(YOUR INSTRUCTIONS)
The listing below should be reproduced precisely, except for its images.

(STORED DATA)
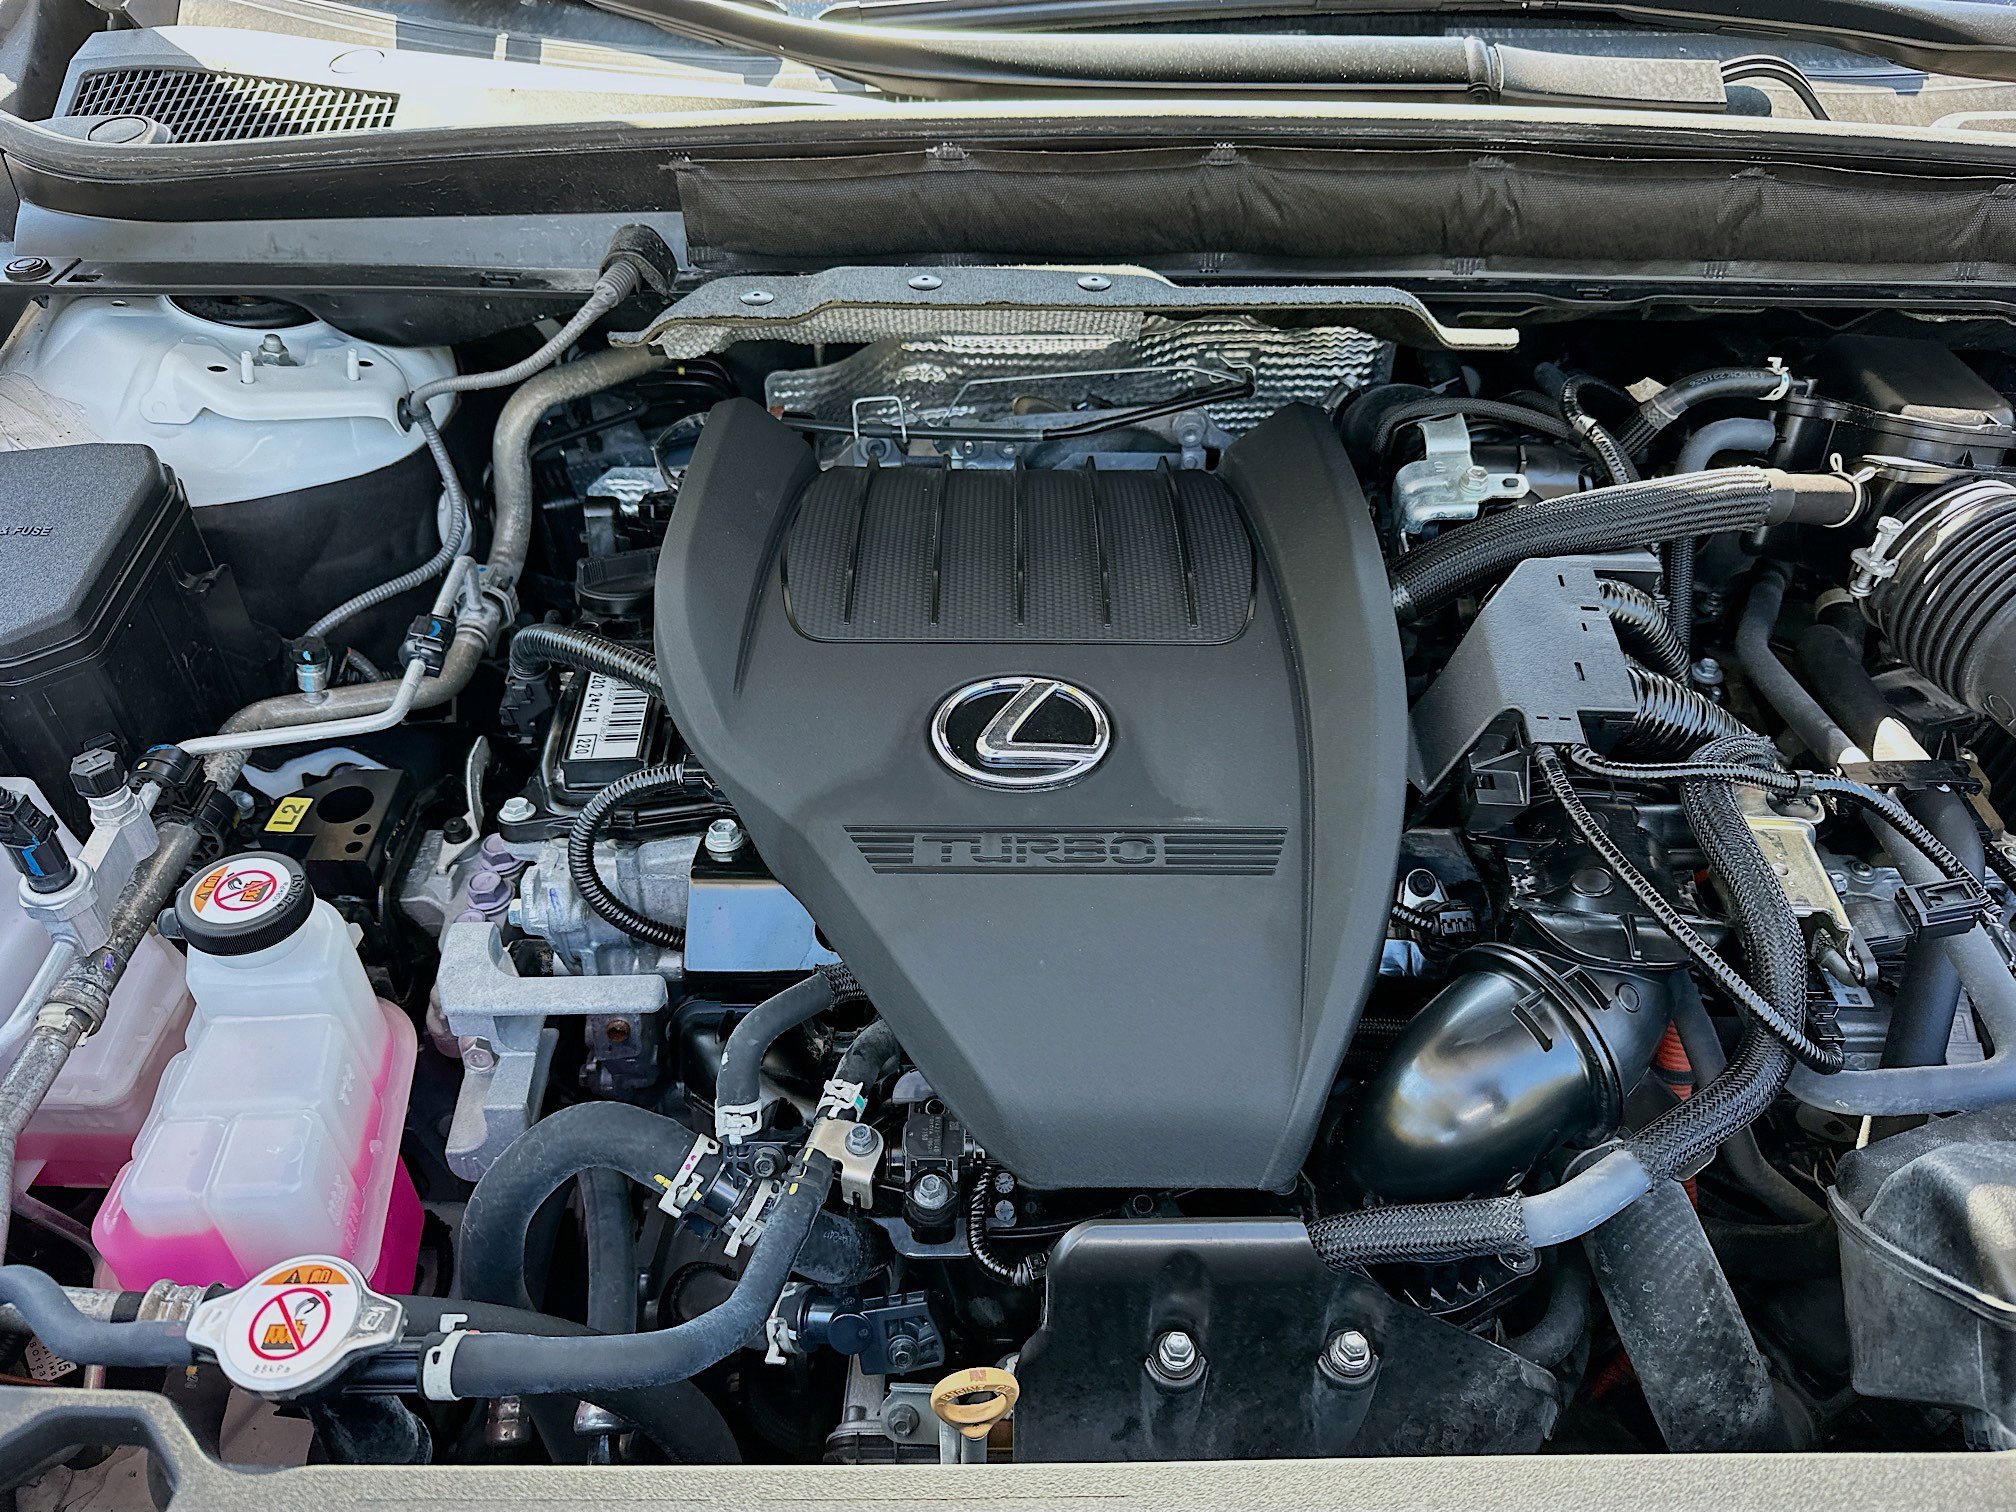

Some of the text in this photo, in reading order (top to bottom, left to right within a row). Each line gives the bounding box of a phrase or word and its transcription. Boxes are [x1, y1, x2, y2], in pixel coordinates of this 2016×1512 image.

[13, 526, 53, 537] FUSE
[574, 738, 592, 755] 220
[273, 804, 305, 826] L2
[922, 835, 1158, 865] TURBO
[275, 874, 305, 912] DENSO

(SOLUTION)
Some of the text in this photo, in reading order (top to bottom, left to right within a row). Each line gives the bounding box of a phrase or word and its transcription. Boxes are [x1, y1, x2, y2], in pixel coordinates of this 2016×1512 image.

[13, 526, 53, 537] FUSE
[574, 738, 592, 755] 220
[273, 804, 305, 826] L2
[922, 835, 1158, 865] TURBO
[275, 874, 305, 912] DENSO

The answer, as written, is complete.